Suisse

Objectif zéro carbone en 2050

Le Conseil fédéral revoit ses ambitions à la hausse en matière de protection du climat.
Objectif zéro carbone en 2050
Grève du climat le 2 février 2019 à Lausanne. KEYSTONE
Climat

C’est une décision stratégique, mais elle est capitale, comme lorsque le Conseil fédéral, à majorité féminine, décidait en 2011 de tourner le dos à l’énergie nucléaire. Ce mercredi, le gouvernement a choisi de revoir à la hausse ses ambitions en matière de protection du climat. Et il s’est fixé comme objectif de réduire à zéro ses émissions de gaz à effet de serre d’ici à 2050.

La Suisse rejoint ainsi un club formé de pays tels que la France, le Royaume-Uni et la Suède, qui ont déterminé un objectif similaire. Elle rejoint aussi l’objectif fixé dans l’initiative populaire «pour les glaciers», qui a déjà presque atteint les 100’000 signatures requises.

Perceptible en Suisse

«Il y a nécessité d’agir et il faut aller vite», a soutenu ce mercredi devant les médias Simonetta Sommaruga. «On voit que les effets du réchauffement climatique sont arrivés jusqu’en Suisse.» Et la ministre de l’Environnement d’évoquer le fait que les mois de juin et de juillet ont été les plus chauds de l’histoire du pays.

Une autre raison de revoir les ambitions à la hausse, ce sont les conclusions du rapport du Groupe international d’experts intergouvernemental sur l’évolution du climat (GIEC). Ceux-ci ont démontré qu’il y aurait des bouleversements profonds à attendre à partir d’un réchauffement de 1,5 degré.

Jusqu’ici, en signant l’accord de Paris sur le climat, la Suisse s’était engagée à réduire de moitié ses émissions de gaz à effet de serre d’ici à 2030, par rapport à 1990. C’est l’objectif visé notamment dans la loi sur le CO2, en cours de révision au parlement.

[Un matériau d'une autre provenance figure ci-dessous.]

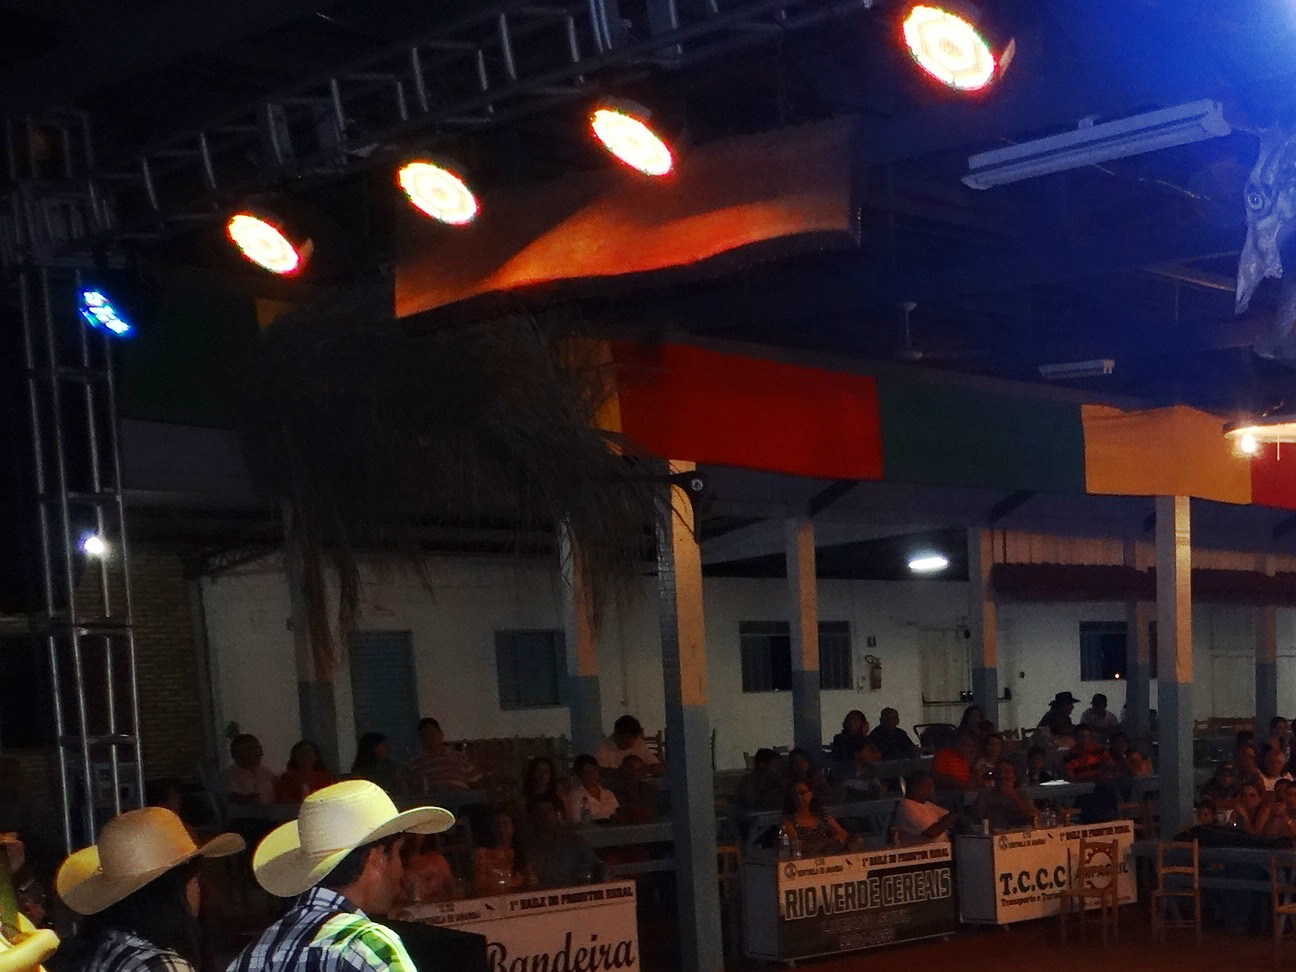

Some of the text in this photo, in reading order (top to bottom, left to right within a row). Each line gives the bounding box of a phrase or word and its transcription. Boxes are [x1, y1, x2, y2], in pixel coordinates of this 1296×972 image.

[561, 890, 604, 905] PRODUTOR
[605, 887, 633, 899] RURAL
[784, 867, 951, 921] RIO VERDE CEREAIS
[1001, 896, 1036, 906] Transporte
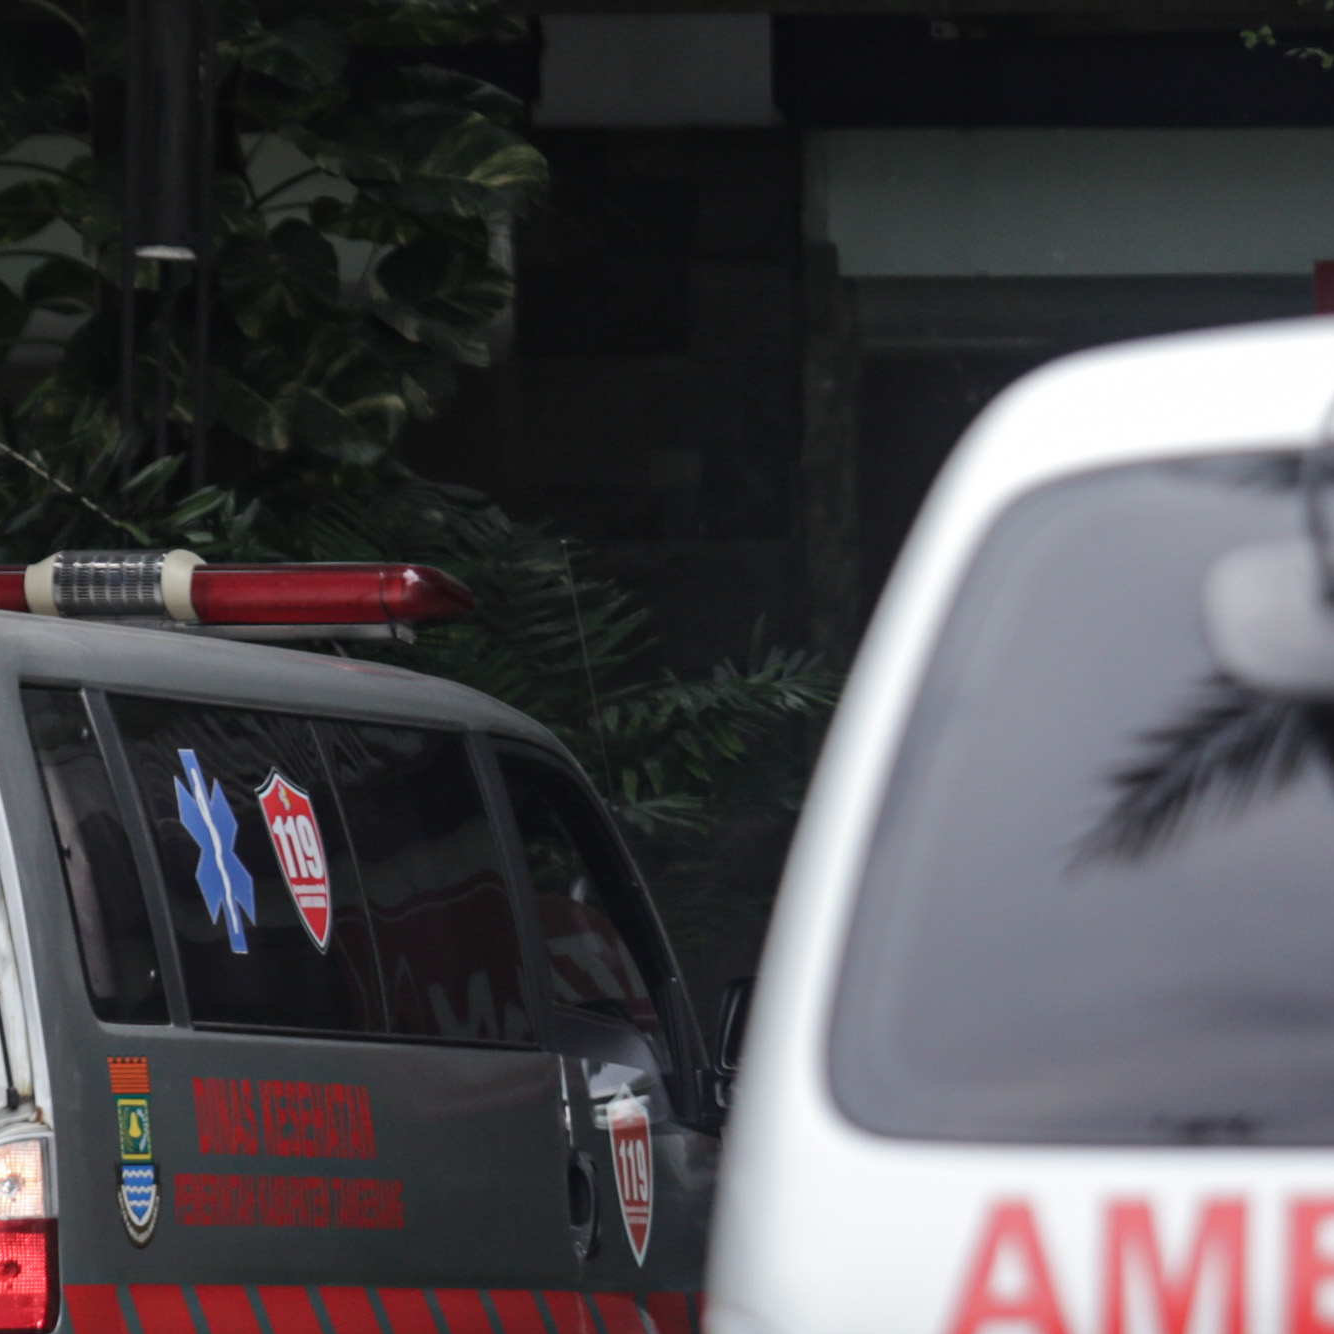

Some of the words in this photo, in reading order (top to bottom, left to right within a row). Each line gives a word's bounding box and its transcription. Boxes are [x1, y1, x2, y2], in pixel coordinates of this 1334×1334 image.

[272, 814, 324, 879] 119
[192, 1076, 259, 1155] DINAS
[258, 1079, 377, 1160] KESEHATAN
[619, 1139, 648, 1202] 119

D’ici à la fin de l’an prochain, le Conseil fédéral va adopter une Stratégie climatique 2050, où il s’agira de traduire cet objectif en mesures concrètes. Et comment y parvient-on? Là-dessus, Simonetta Sommaruga s’est montrée plus discrète. Mais les mesures toucheront tous les vecteurs de gaz à effet de serre: les transports, l’industrie, les bâtiments et l’agriculture.

«La gravité de la situation ne m’incite pas à pousser de cris de joie» Robert Cramer

Ces mesures devront être réalisées en priorité en Suisse, et non par l’achat de droits de polluer à l’étranger: «Il est beaucoup plus difficile et plus cher de réaliser ces réductions à l’étranger», a justifié Simonetta Sommaruga. «Et comme cela, c’est notre population et notre économie qui en profiteront», l’idée étant de stimuler par ce biais l’innovation.

Réactions assez… tièdes

Les réactions politiques à cette grande décision du Conseil fédéral sont plutôt tièdes. Ainsi, pour les Verts, c’est «insuffisant». Ils demandent de réaliser la neutralité carbone «plus rapidement». Robert Cramer explique: «Je suis enchanté que le Conseil fédéral revoie à la hausse ses ambitions, mais la gravité de la situation ne m’incite pas à pousser des cris de joie.» Pour le sénateur genevois, «ce n’est pas ainsi qu’on va sauver la planète. L’urgence implique qu’on prenne des mesures dès aujourd’hui.»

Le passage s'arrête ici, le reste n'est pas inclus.